HERE I am in England nursing some painful cold symptoms and with a business suffering from the credit crunch, yet I feel the need to respond to Dr Andy Ho's article last Thursday advocating illegitimate babies to enhance fertility in Singapore ('The (illegitimate) way to more babies').
Perhaps if Dr Ho lived in Britain (as I do) and paid British taxes (as I do) to fund the feckless and irresponsible lifestyles of young and older mothers who have children out of wedlock by multiple partners, his article might not have seen the light of day.
I am a volunteer - at the coalface, if one may call it that - at a parent-and-toddler group in the local community. Here, I meet all sorts of parents and carers of young children.

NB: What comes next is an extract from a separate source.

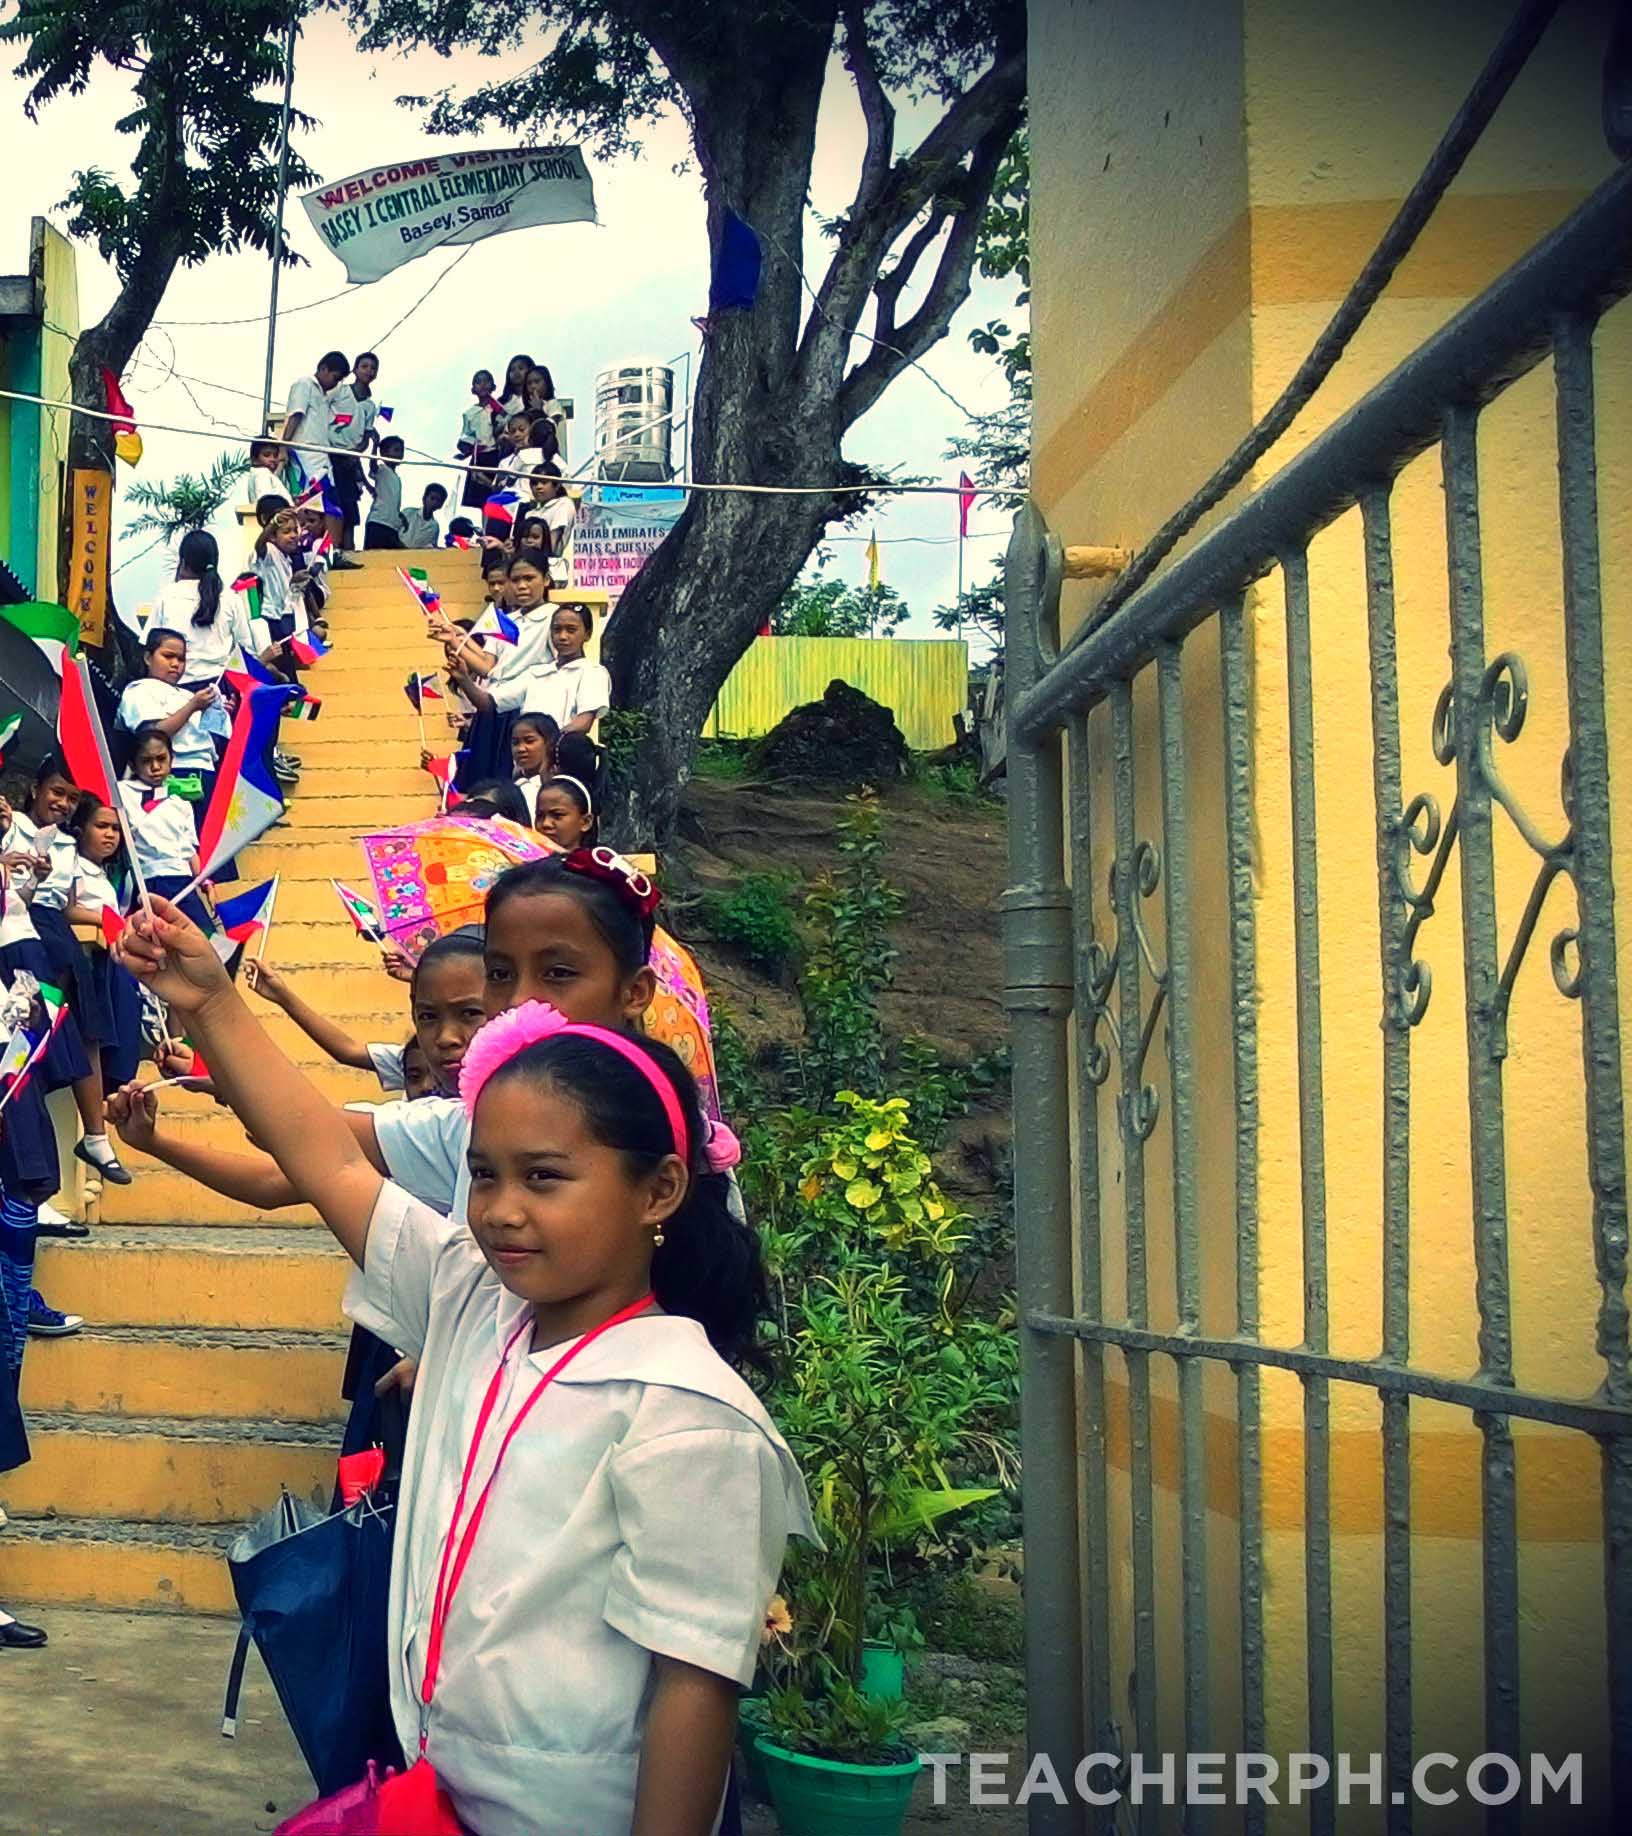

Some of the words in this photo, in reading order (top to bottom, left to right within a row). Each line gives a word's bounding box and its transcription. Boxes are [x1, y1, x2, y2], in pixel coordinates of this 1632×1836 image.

Although a child outside wedlock has lost its stigma, such children still grow up with many emotional issues resulting from living in single-parent or 'reconstituted' families.
While the British government gives generous financial support to young parents (for example, free childcare while they continue with an education), many of these young people simply 'play the system' with no intention of coming off welfare. It is too easy to fall into that rut.
Statistics may show a 'healthier' fecundity rate.
The crime rate, drug-abuse rate, alcohol-abuse rate, school drop-out rate, teenage mother rate and the number who are 'unemployable' (as opposed to 'unemployed') together paint a very different picture.
Please, let us not replace one set of problems with another.